Н. А. Львов - кроме ученых сочинений, должен быть известен в нашей литературе, во-первых, началом богатырской повести Добрыня, написанном в духе старинной русской поэзии и весьма оригинальном; во-вторых, переводом в стихах Анакреона с подстрочного русского перевода, который сделан был для него Евгением Булгаром, архиепископом Таврическим. Этот перевод был издан с греческим подлинником в С.-П.-Б. 1794 года и почитается знатоками весьма близким. Перевод Мартынова известен более; но перевод Львова глаже, мягче и читается свободнее, что составляет большое достоинство, особенно в переводе такого поэта, как Анакреон.
П. Л. Вельяминов известен был многими переводами; между прочим, народною песнею: "Ох, вы, славные руски кислы щи!" Вот конец ее:
Проскакал конек поле чистое,
Доскакал конек до крутой горы,
По горе коньку, знать, шажком идти!
Все это небольшое дружеское общество Державина отличалось просвещением, талантами, вкусом, любовию к художествам, к музыке и вообще к изящному. До 1782 года, то есть до отъезда своего в Смирну, к нему же принадлежал и Хемницер, который много обязан ему чистотою слога своих басен, особливо Оленину и Н. А. Львову. Они строго разбирали его погрешности, советовали и даже с его позволения поправляли слог его. Хемницер прошел чрез сильное чистилище.
Из письма Державина к первой своей супруге {Оно было напечатано мною в "Москвитянине". (Прим. автора.)} известно, что государыня приказала было напечатать сочинения Державина, и что по этому случаю он поручил Капнисту и Ивану Ивановичу Дмитриеву пересмотреть их и выбрать лучшие для издания.- Они для этого пересмотра собирались у него в доме. Но выбор их показался автору слишком строгим. Войдя в комнату, где они занимались этим разбором, и увидя малое число пьес, отобранных и отложенных в сторону, он взял и все перемешал, сказав им: "Что ж! вы хотите, чтобы я снова начал жить!" Тем разбор и кончился.
Державин решительно не мог поправлять своих сочинений: он мог их переделывать совсем, но не исправлять.

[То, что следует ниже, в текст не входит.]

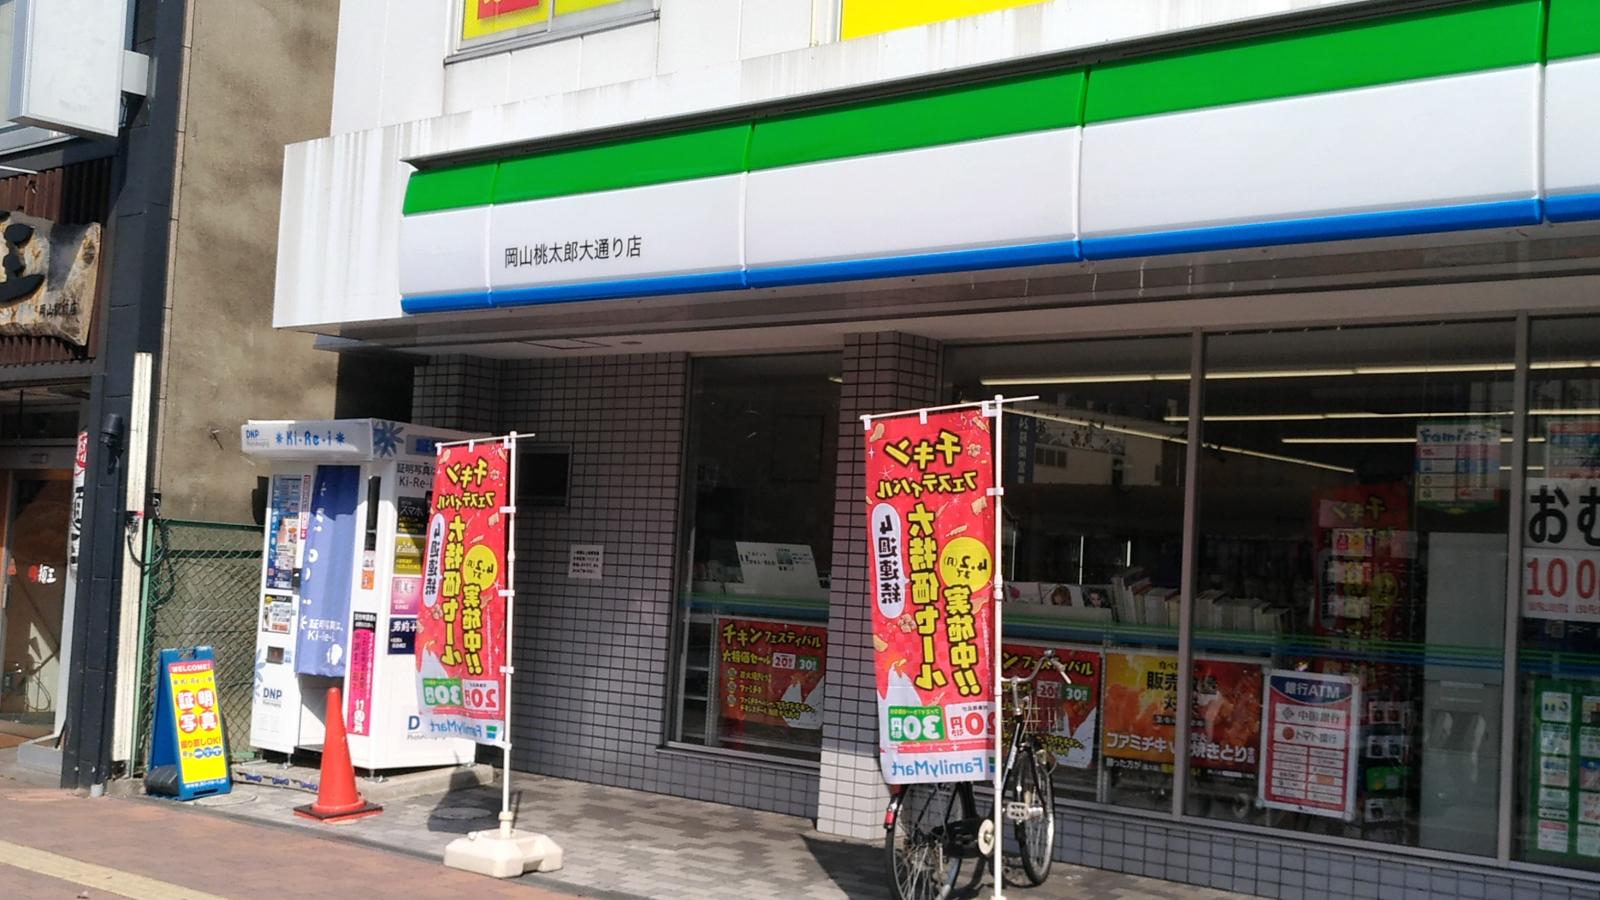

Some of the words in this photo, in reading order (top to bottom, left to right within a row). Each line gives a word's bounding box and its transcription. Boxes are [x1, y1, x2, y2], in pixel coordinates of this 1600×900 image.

[504, 236, 642, 268] 岡山桃太郎大通り店
[246, 430, 259, 439] DNP
[723, 623, 763, 648] チキン
[765, 630, 822, 648] フェスティバル
[722, 649, 772, 665] 大特価セール
[171, 663, 211, 673] WELCOME!
[263, 687, 282, 698] DNP
[1284, 680, 1341, 699] 銀行ATM
[1297, 710, 1341, 725] 中国銀行
[1106, 732, 1167, 752] ファミチキ
[1296, 728, 1337, 744] トマト銀行
[1191, 742, 1248, 763] 焼きとり
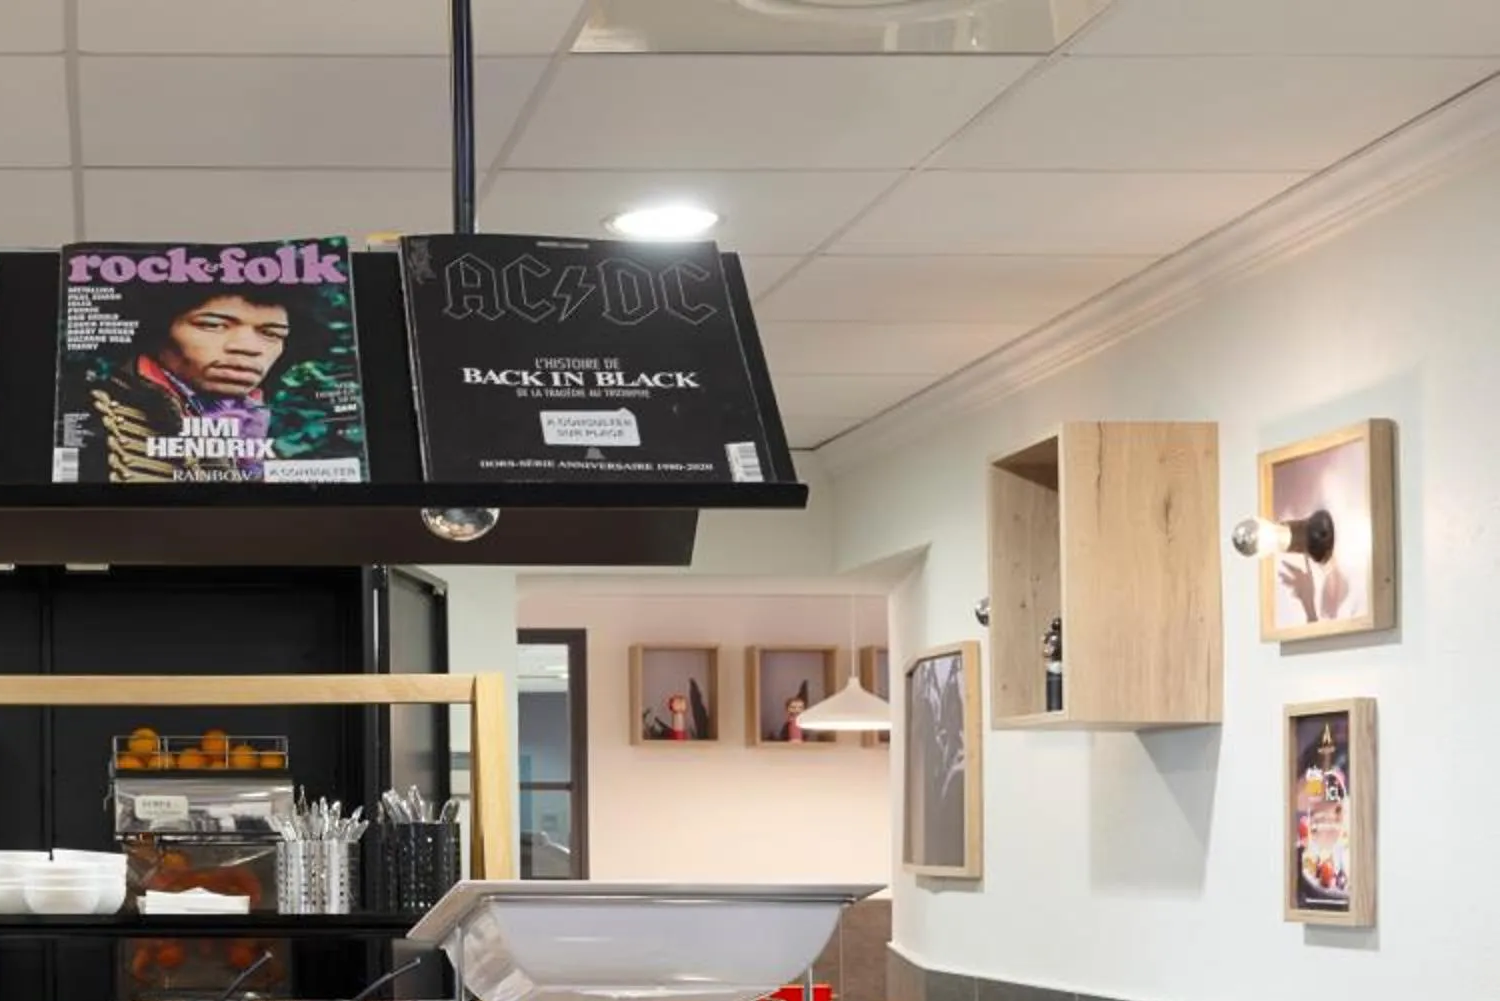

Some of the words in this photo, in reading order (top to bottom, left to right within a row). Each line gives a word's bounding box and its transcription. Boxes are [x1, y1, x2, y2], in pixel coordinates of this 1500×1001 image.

Вероятно, немногие знают, в каком виде был напечатан его Вельможа, в "Одах, писанных при горе Чаталагае", где эта ода названа "На знатность". Вероятно, не многим известно и первое издание его псалма: К властителям и судииям, напечатанное в С.-Петербургском Вестнике 1780 года под названием: Ода, преложение 81 псалма. Вот оно:
Се бог богов восстал судити
Земных богов во сонме их,
Доколе, рек, неправду чтите,
Доколе вам щадити злых?
Ваш долг законы сохраняти
И не взирать на знатность лиц;
От рук гонителей спасати
Убогих, сирых и вдовиц.
Не внемлют! грабежи, коварства,
Мучительства и бедных стон
Смущают, потрясают царства
И в гибель повергают трон!
Кто узнает в этих плохих стихах ту прекрасную оду, которую мы нынче читаем в сочинениях Державина под другим, всем известным названием Властителям и Судиям.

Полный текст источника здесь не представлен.